Raters should incorporate every type of information available to them. Markets want hot, accurate information. Raters create reputations for themselves for good analysis, and reputations rise and fall on good predictive ability. Information is money, and markets want to make money.

It’s a well known phenomenon in fixed-income markets that once a bond falls into the junk or speculative category that its rating becomes murkier for predicting default. So maybe credit ratings are more useful for investment-grade bonds and CDS are more useful for junk-grade securities? If there are any academic studies on the subject that you know of, please add them in the comments.

An interesting thing about muniland is that all states are rated investment grade. California has the lowest rating for a state at A-.  See it on the last line in the great chart above from Stateline. S&P has adjusted California’s rating 7 times in the last ten years, which is pretty active for rating change on a major issuer. But the CDS on California is moving every day!

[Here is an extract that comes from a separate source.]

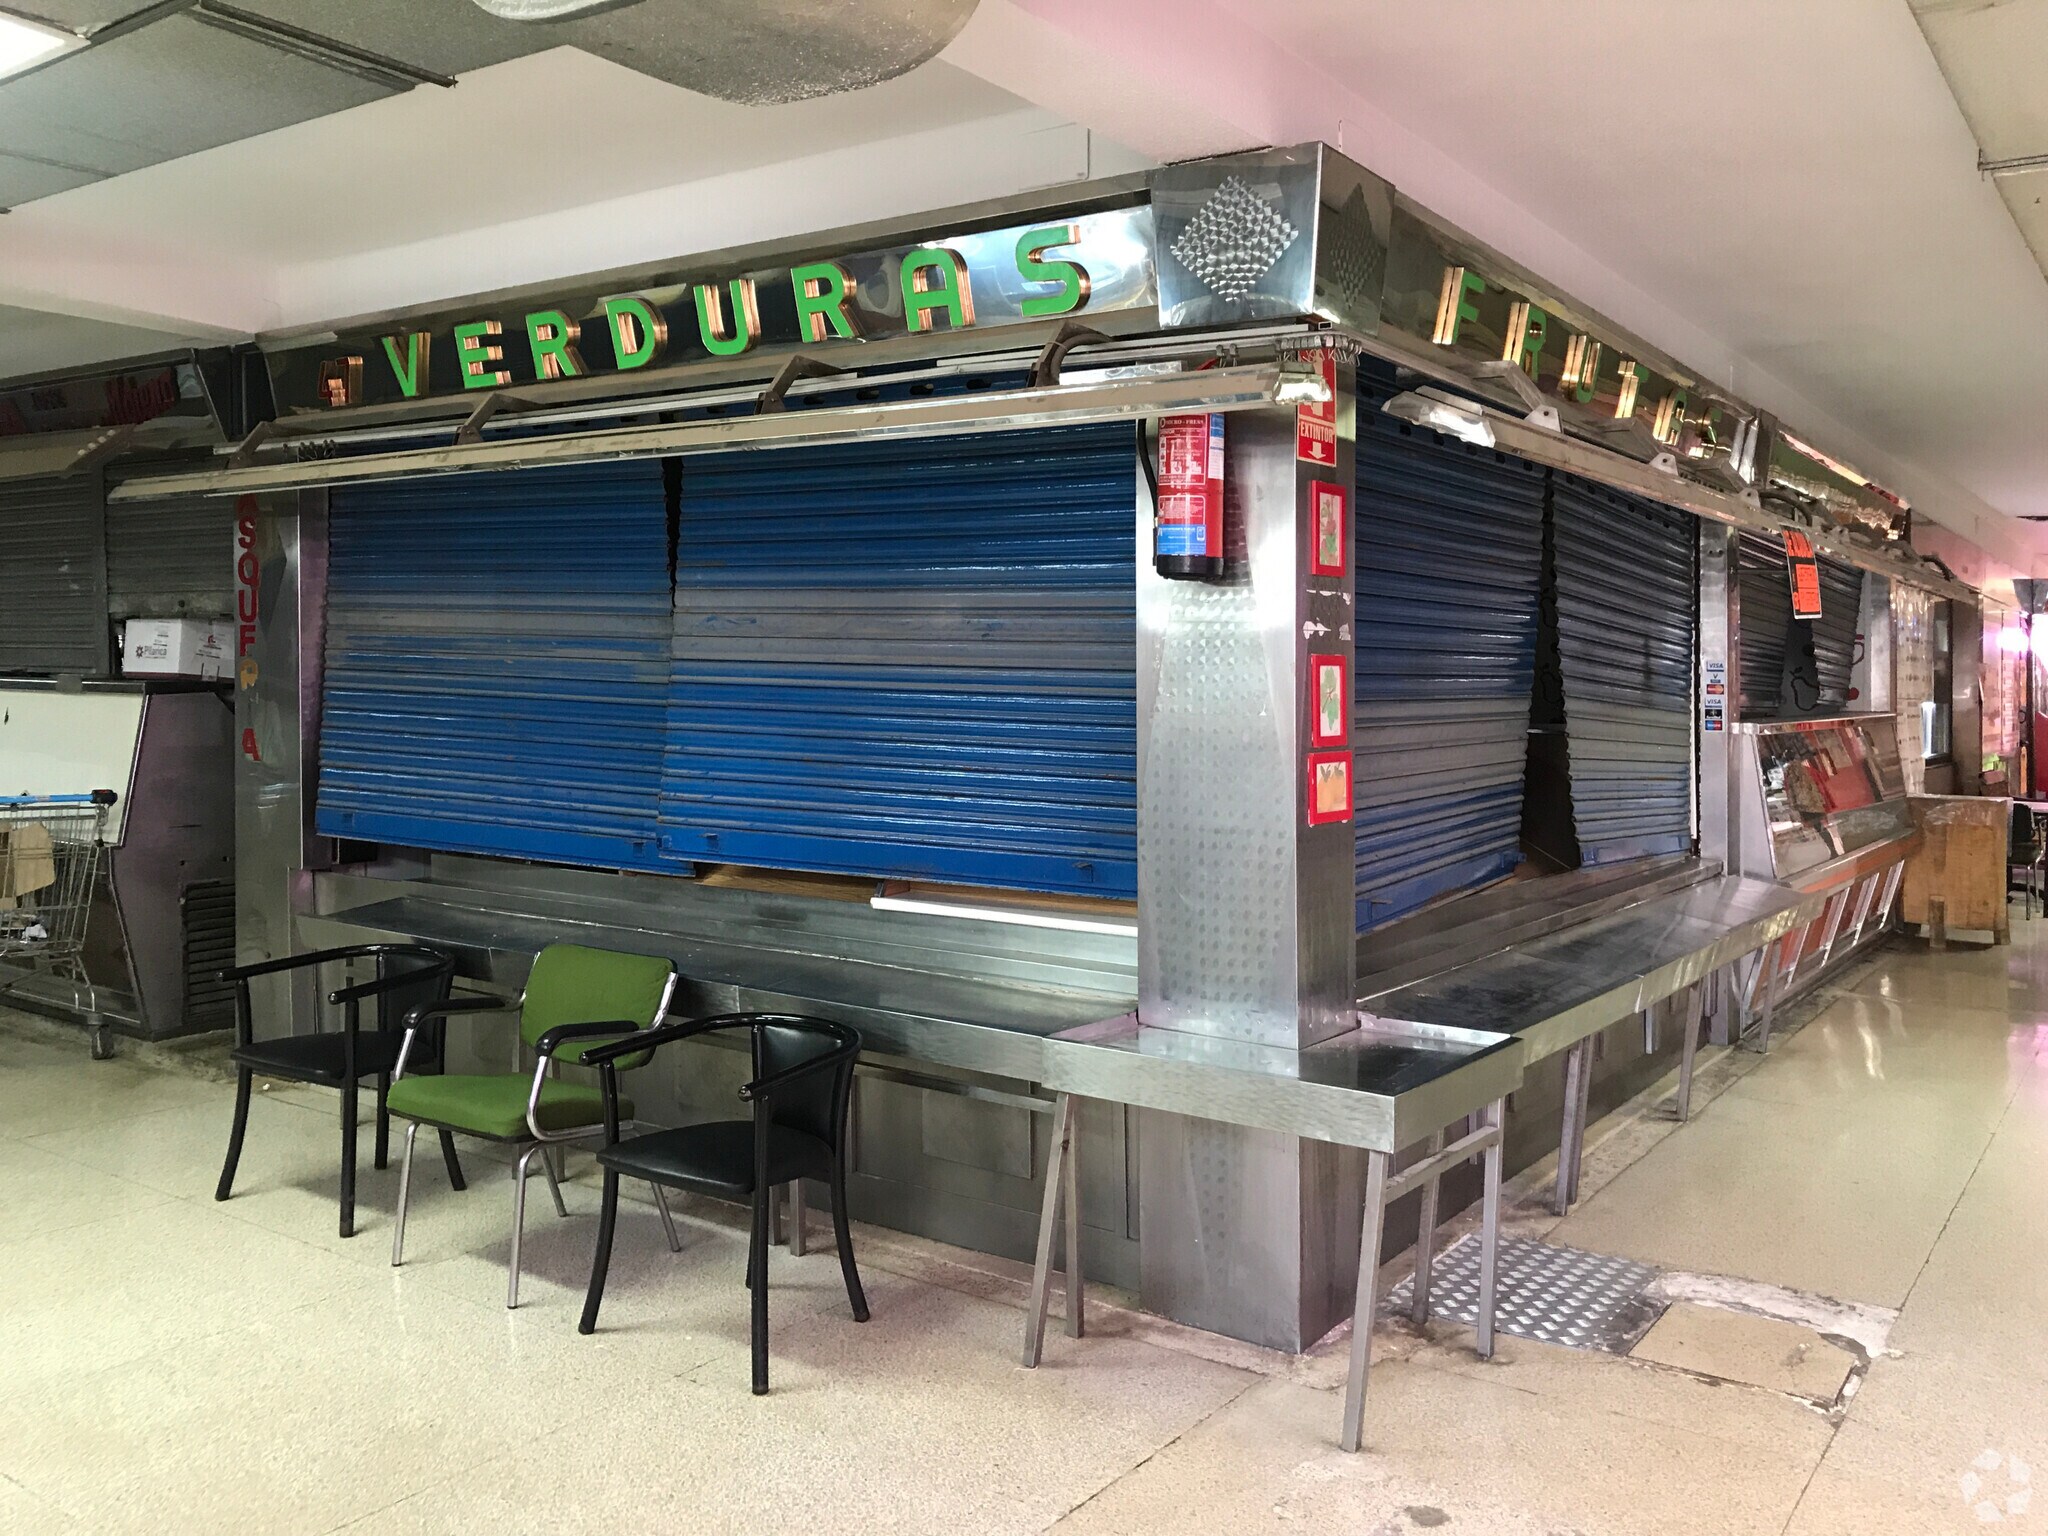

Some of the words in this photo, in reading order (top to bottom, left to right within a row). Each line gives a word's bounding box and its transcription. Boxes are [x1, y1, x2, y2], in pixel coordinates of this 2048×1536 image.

[382, 224, 1090, 398] VERDURAS
[1431, 265, 1722, 460] FRUTAS
[1300, 421, 1335, 444] EXTINTOR
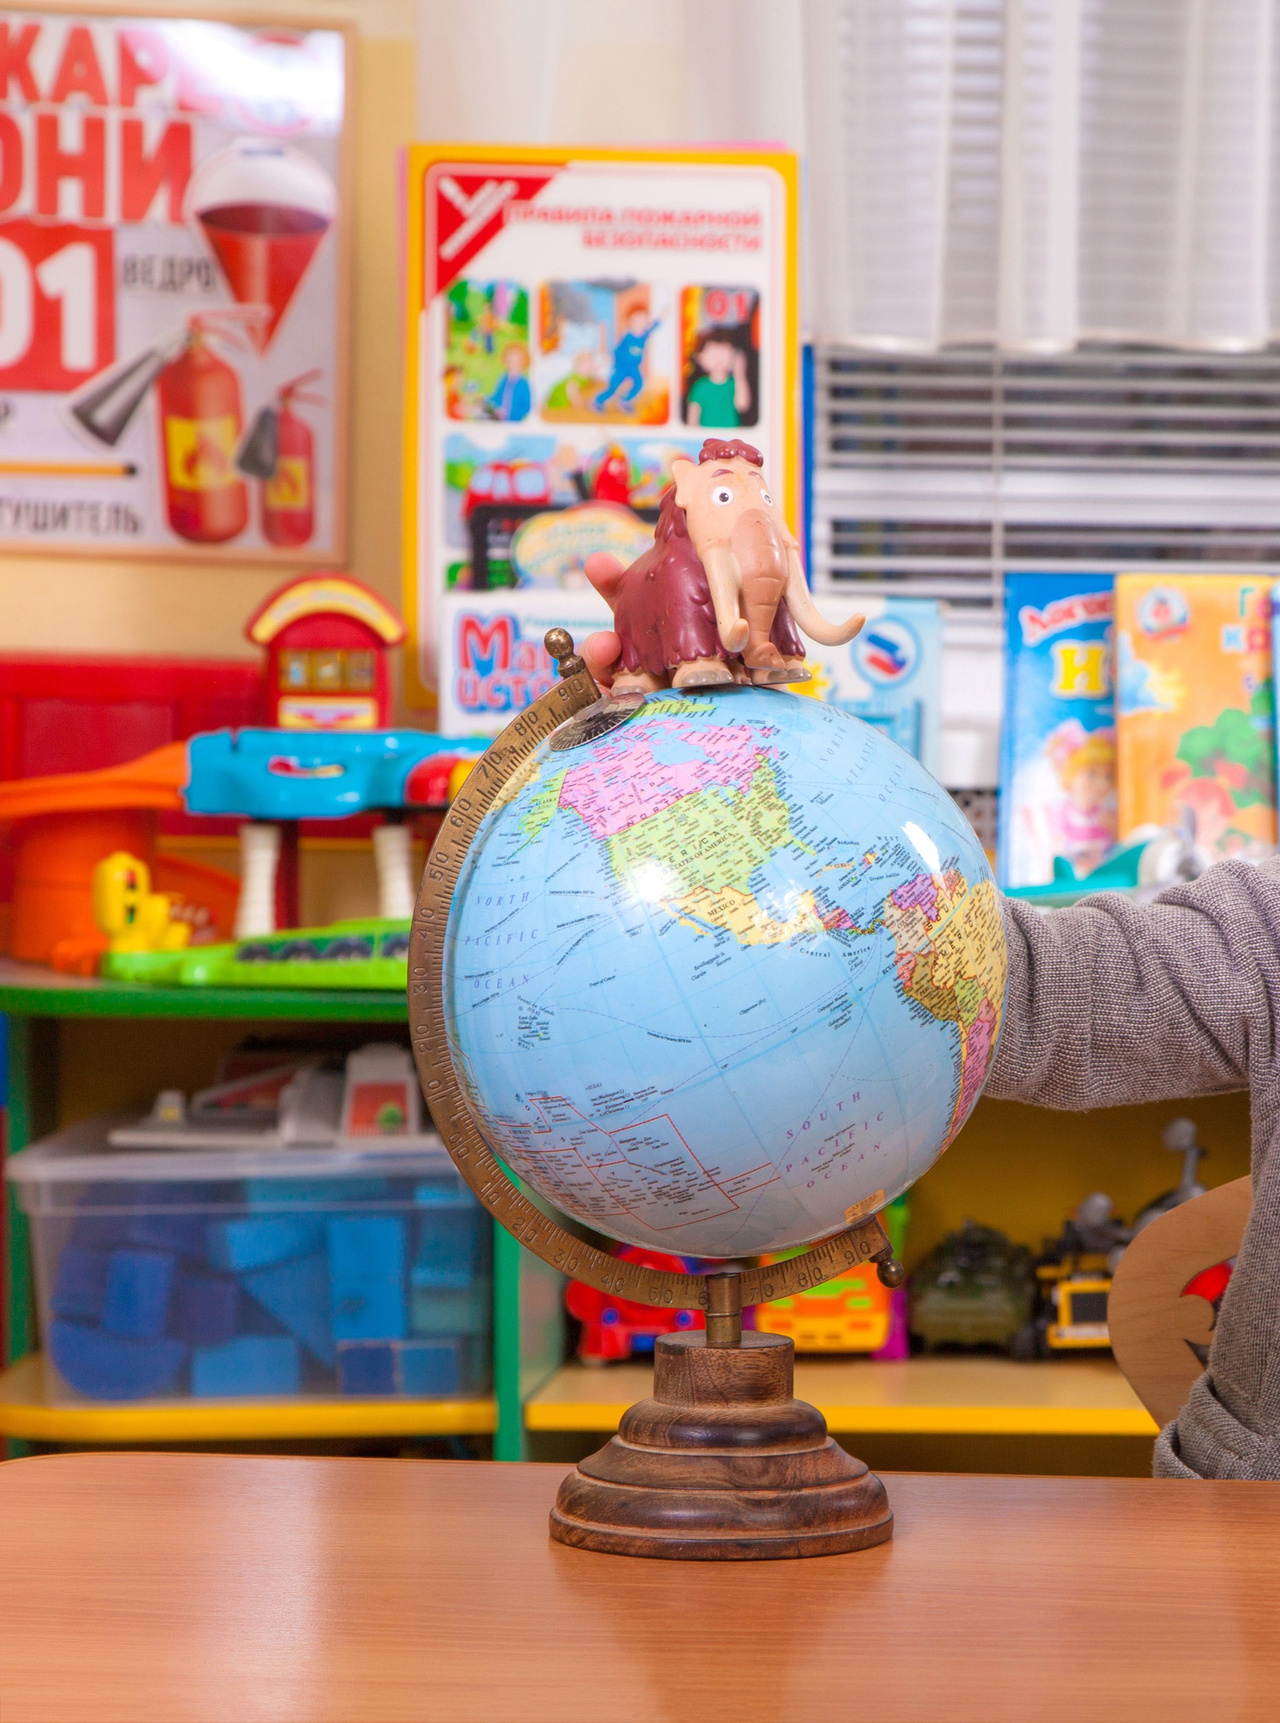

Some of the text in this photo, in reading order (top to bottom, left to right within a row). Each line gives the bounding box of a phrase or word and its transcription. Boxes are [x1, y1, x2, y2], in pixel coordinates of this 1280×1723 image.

The CDS for California was quoted at 235bp this afternoon by Markit, a 16% increase in price over last Friday. The CDS market is saying that California is a junk issuer. Reuters reported on Wednesday how revenues are falling in California and the CDS market seems to be picking this up and adjusting their signal before the rating agencies do. This happens often because CDS traders are adjusting prices to incorporate information faster than rating agencies. From Reuters:

California’s latest monthly revenue report shows revenue weaker than expected even before the stock market, a key source of revenue for the state, began sliding in response to Standard & Poor’s downgrade of U.S. debt, anxiety about Europe’s finances and the risk of the U.S. economy slipping back into recession.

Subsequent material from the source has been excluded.